Al esfuerzo de APROCINAIN, entidad sin fines de lucro apoyada desde sus inicios por el Instituto Nacional de Cine y Artes Audiovisuales, la empresa Kodak, el laboratorio Cinecolor y Malba, se suma en esta edición la participación del Museo del Cine “Pablo Ducrós Hicken”, que posibilitó el rescate de dos clásicos del cine mudo argentino que se exhibirán con música en vivo; la Cinemateca Uruguaya, importante institución cultural; el Festival Internacional de Mar del Plata, que este año ha puesto recursos propios para recuperar siete films nacionales; la productora Aries Cinematográfica Argentina, y la distribuidora Artkino Pictures.

A estos aportes institucionales hay que agregar, además, algunos personales: Isabel Sarli encontró y donó una copia nueva del clásico Repulsión, que fue distribuido en Argentina por Armando Bó; asimismo, Ricardo Aronovich supervisó el tiraje de una copia nueva de Los jóvenes viejos, que, además de ser un clásico, es un hito en la evolución de la fotografía cinematográfica argentina.

Películas:

Amanecer (Sunrise, EUA, 1927) de Friedrich Wilhelm Murnau, c/Janet Gaynor, George O’Brien, Margaret Livingston. 100’.
Una hermosa femme fatale que viene “de la ciudad” perturba la plácida existencia de una joven pareja de campesinos. Transformado en un ser abyecto a causa de la vampiresa, el hombre comienza a llevar a cabo un plan para deshacerse de su mujer, pero, cuando está a punto de hacerlo, recupera la cordura y procura su perdón. La recomposición del matrimonio tendrá lugar, paradójicamente, entre las luces seductoras de la ciudad y será puesta a prueba por la fatalidad.
Tras el éxito mundial de su film Fausto (1926), Murnau fue invitado a trasladarse a los Estados Unidos por William Fox y obtuvo carta blanca para hacer lo que deseara. Acompañado por su guionista Carl Mayer y sacando el máximo partido posible de los recursos técnicos y económicos de Fox, el realizador creó una obra romántica que la crítica considera, de manera unánime, entre las mejores películas de la Historia del Cine.
A pesar de esa relevancia, hace décadas que este film no se puede disfrutar en fílmico en Buenos Aires. Con recursos propios, APROCINAIN ha adquirido en Estados Unidos una copia nueva, que se proyectará aquí por primera vez.

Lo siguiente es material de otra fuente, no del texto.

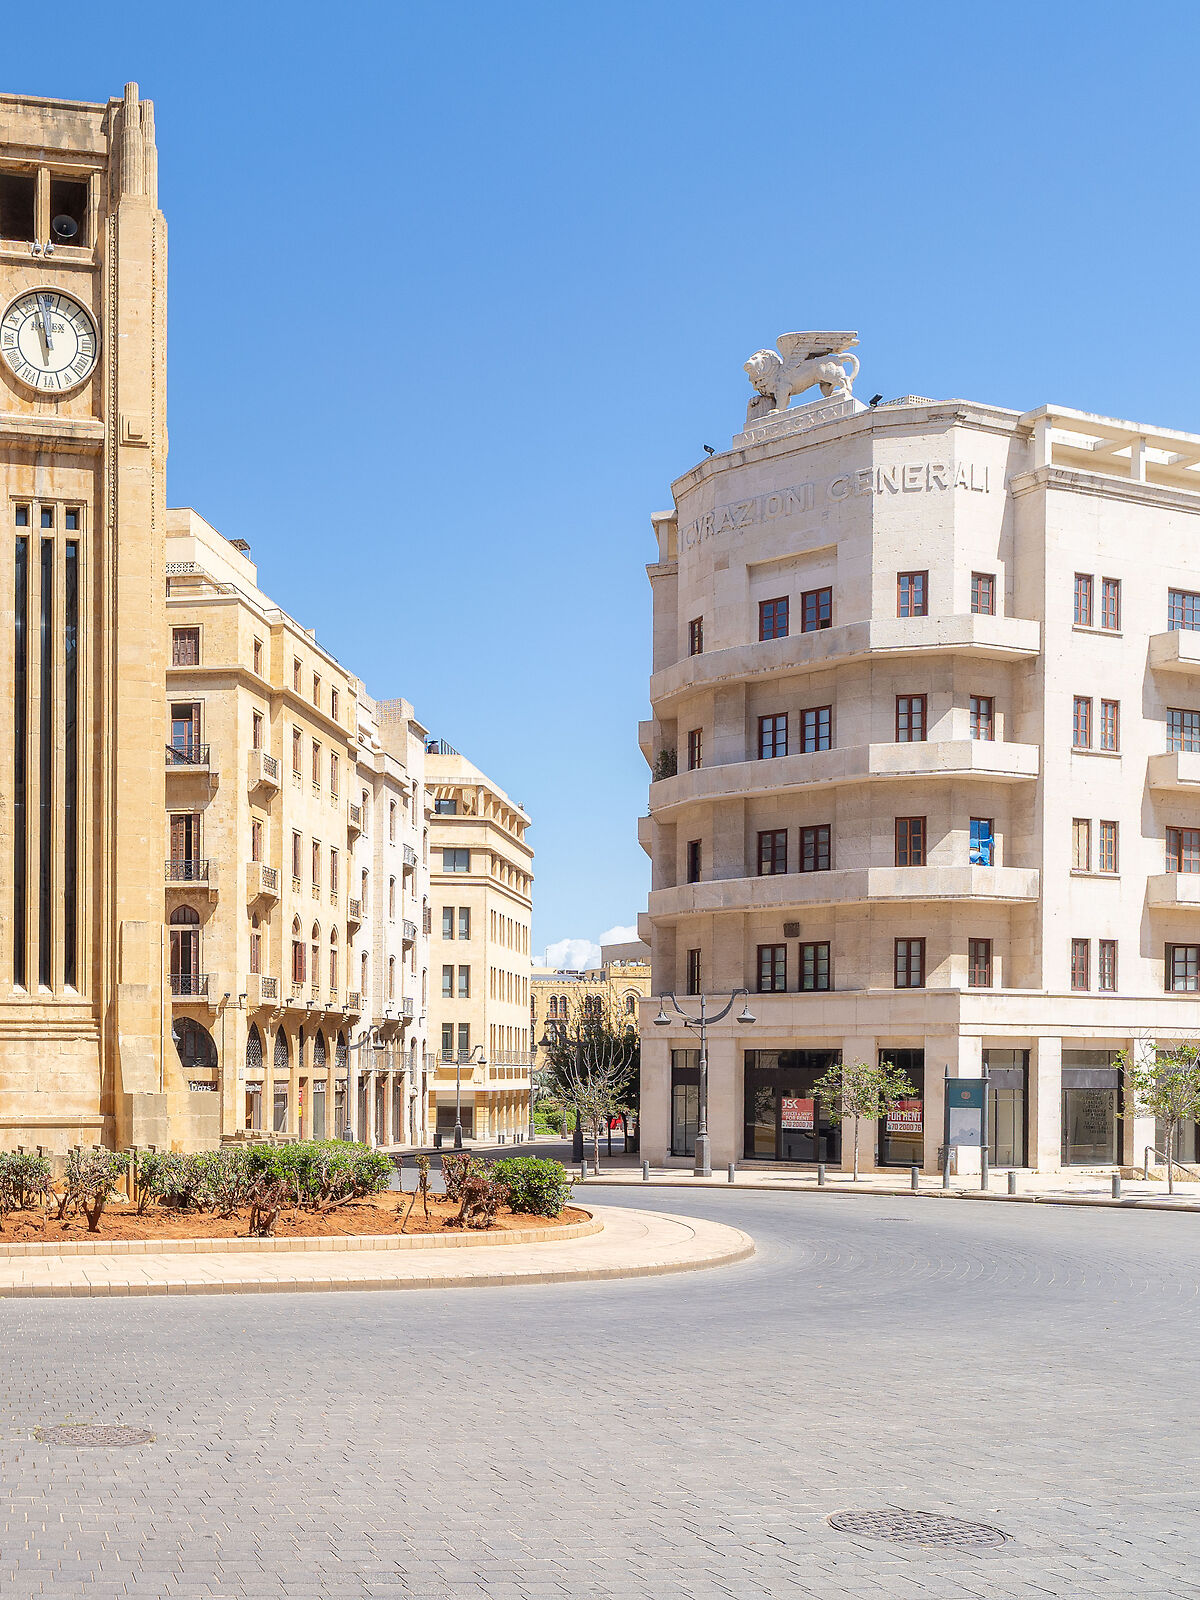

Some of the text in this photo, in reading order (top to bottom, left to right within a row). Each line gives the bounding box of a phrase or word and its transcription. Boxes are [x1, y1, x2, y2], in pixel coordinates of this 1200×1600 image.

La ley que olvidaron (Argentina, 1938) de José A. Ferreyra, c/Libertad Lamarque, Santiago Arrieta, Herminia Franco. 77’.
Después de Ayúdame a vivir (1936) y Besos brujos (1937), el director José Agustín Ferreyra realizó La ley que olvidaron, completando una informal trilogía de melodramas con Libertad Lamarque. Si bien la cantante intervenía en el cine desde antes de su encuentro con Ferreyra, fueron estos tres films los que la transformaron en estrella y, además, conquistaron por primera vez los mercados latinoamericanos para el cine argentino. De las tres películas, La ley que olvidaron fue la que mejor se vinculó con los motivos del universo tanguero que Ferreyra venía labrando pacientemente desde el cine mudo.
Como los negativos se perdieron, el film debió ser completamente restaurado a partir de una antigua copia positiva en material nitrato, que permitió la confección de nuevos internegativos de imagen y sonido. La copia restaurada incluye materiales adicionales que se verán por primera vez en esta ocasión: una canción completa, que fue omitida del montaje final, e imágenes inéditas de la noche del estreno en el cine Monumental, donde aparecen, entre otros, Lamarque, Luis Sandrini, Irma Córdoba y Florindo Ferrario.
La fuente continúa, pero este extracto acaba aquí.